US and Japan 'hard at work' negotiating new trade deal, says Trump
The US President is threatening Japan with potentially devastating US tariffs on foreign cars and auto parts
President Donald Trump needled Japan over the US-Japan trade imbalance as he kicked off a state visit to the country Saturday that's been tailor-made to his whims and ego.
Speaking at a reception with several dozen Japanese and American business leaders at the US ambassador's residence in Tokyo shortly after his arrival, Mr Trump said the US and Japan "are hard at work" negotiating a new bilateral trade agreement that he said would benefit both countries.
With this deal we hope to address the trade imbalance, remove barriers to United States exports and ensure fairness and reciprocity in our relationship.

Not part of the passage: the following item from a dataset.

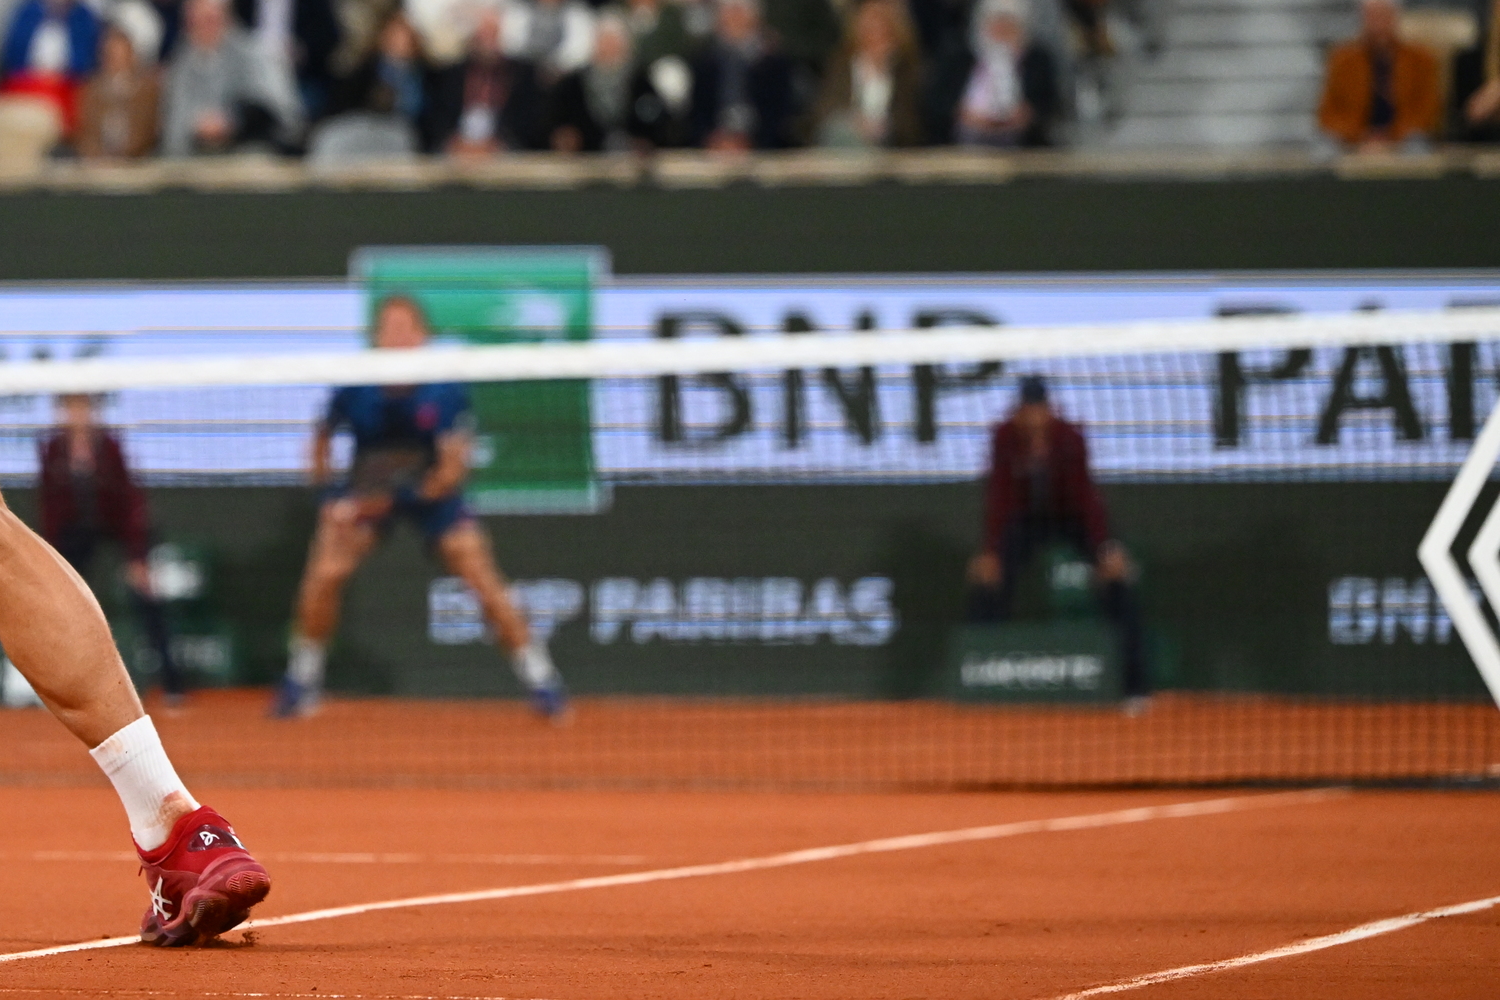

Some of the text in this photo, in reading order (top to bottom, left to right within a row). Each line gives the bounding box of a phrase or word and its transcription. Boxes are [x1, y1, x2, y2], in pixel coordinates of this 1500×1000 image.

[653, 303, 1006, 447] BNP
[428, 577, 896, 645] BP PARIBAS
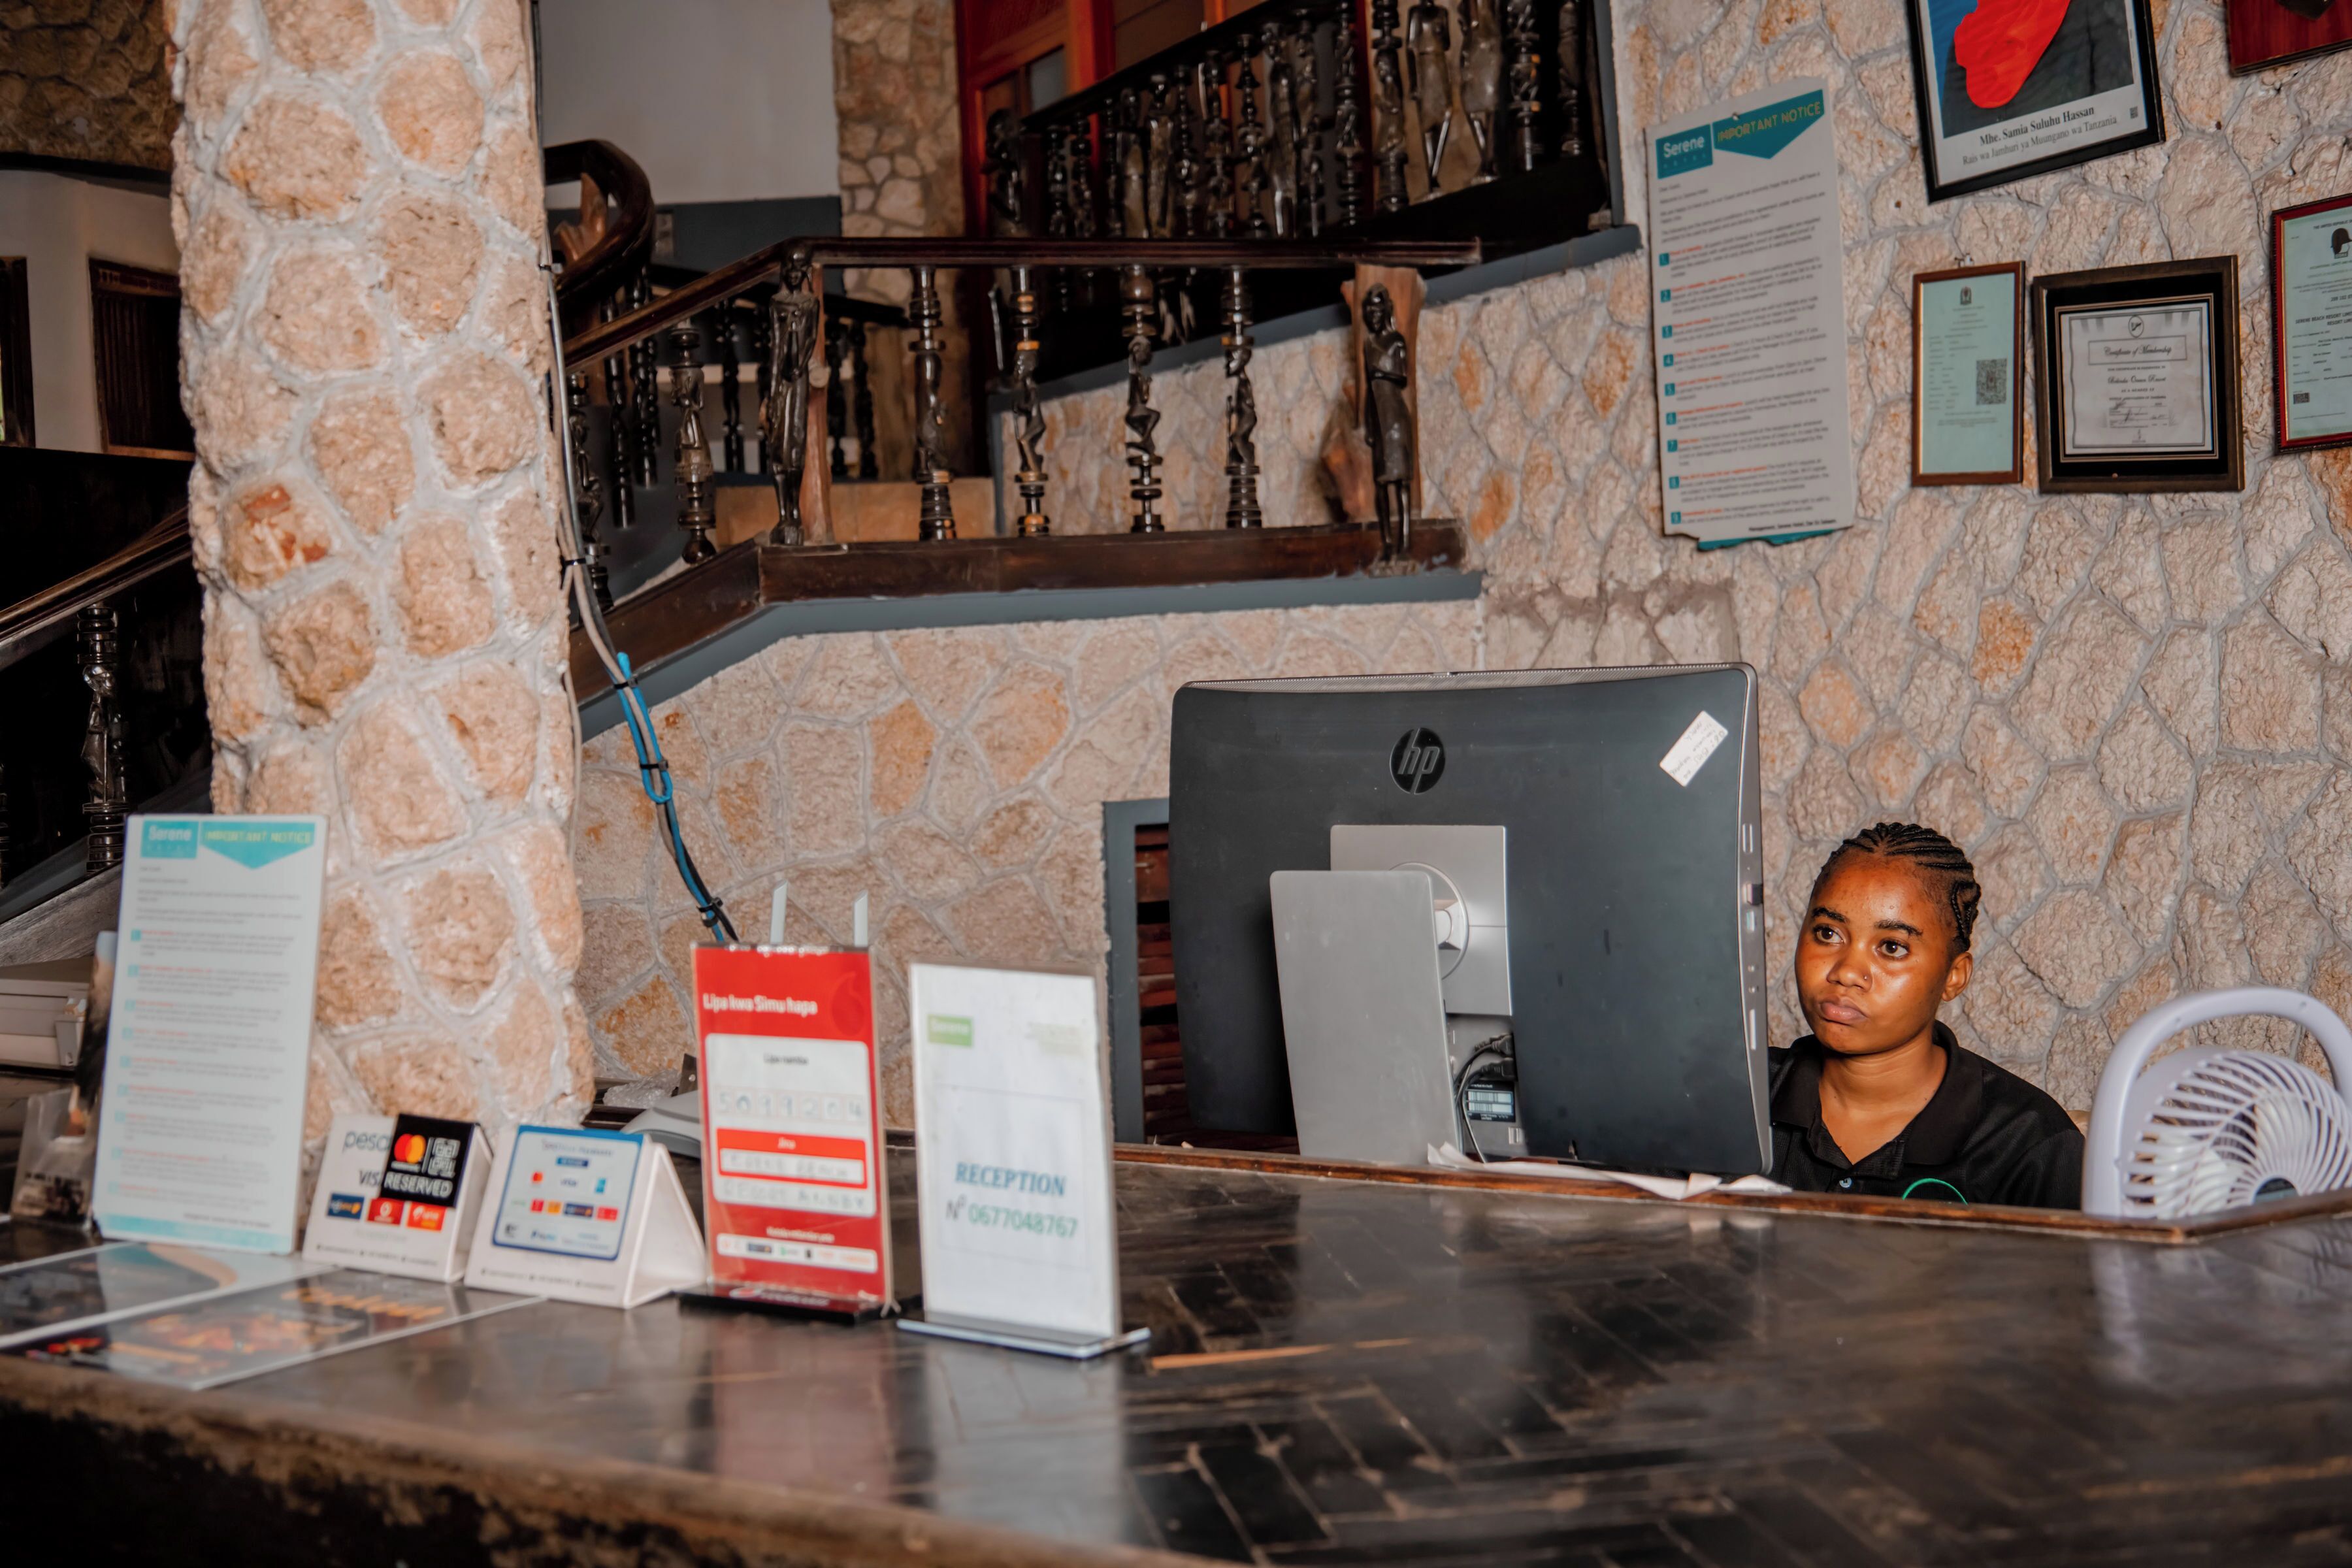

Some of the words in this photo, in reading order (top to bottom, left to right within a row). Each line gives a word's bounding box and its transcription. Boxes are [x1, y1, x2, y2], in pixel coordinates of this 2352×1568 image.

"I would say that Japan has had a substantial edge for many, many years, but that's OK," Mr Trump told the group, joking that, "Maybe that's why you like me so much."
The comments underscored the competing dynamics of a state visit designed to show off the deep ties between the US and Japan and the close friendship between Mr Trump and Japanese Prime Minister Shinzo Abe, even as tensions are high.
Mr Abe has rolled out the carpet for Mr Trump as part of a continued charm offensive, giving him the honour of being the first head of state invited to meet Emperor Naruhito since he ascended to the throne on May 1. Mr Trump will also play golf with Mr Abe and have the chance to present a "Trump Cup" at a sumo wrestling championship Sunday.
While the visit is expected to be largely ceremonial, the stakes are also high. Mr Trump is threatening Japan with potentially devastating US tariffs on foreign autos and auto parts, and has suggested he will go ahead with the tariffs if US Trade Representative Robert Lighthizer doesn't manage to wrest concessions from Japan and the European Union.
Mr Trump had predicted that a US-Japan trade deal could be finalised during his trip. But that's highly unlikely given the two sides are still figuring out the parameters of what they will negotiate.
Mr Trump nonetheless painted the negotiations positively as he addressed the business group shortly after touching down in Japan following a 14-hour flight.
"With this deal we hope to address the trade imbalance, remove barriers to United States exports and ensure fairness and reciprocity in our relationship. And we're getting closer," he said, while urging the business leaders to invest more in the US.
He also praised what he described as the "very special" US-Japan alliance, telling the group that, "The relationship with Japan and the United States, I can say for a fact, has never been stronger, it's never been more powerful, never been closer."
It was the kind of talk expected during a trip meant to highlight the alliance between the countries and the friendship between their leaders.
"In the world of Donald Trump, terrible things can happen if you're an ally, but no major blows have landed on Japan," said Michael Green, senior vice president for Asia and Japan chair at the Centre for Strategic and International Studies.
Mr Trump has the honour of being the first head of state invited to meet Emperor Naruhito since he assumed power after his father stepped down, the first abdication in about two centuries. Emperor Naruhito will welcome Trump to the Imperial Palace on Monday for a meeting and banquet in his honor.
"With all the countries of the world, I'm the guest of honor at the biggest event that they've had in over 200 years," Trump said on Thursday.
Mr Trump will also be golfing with Mr Abe on Sunday and hanging out that much-ballyhooed sumo trophy, which the White House said will stand nearly 1.5 metres and weigh between 27 and 32 kilograms.
Behind the smiles and personal friendship, however, lurks deep uneasiness over Trump's threat to impose tariffs on Japanese autos and auto parts on national security grounds, a move that would be far more devastating to the Japanese economy than earlier tariffs on steel and aluminum.
Mr Trump recently agreed to a six-month delay, enough time to carry Abe past July's Japanese parliamentary elections.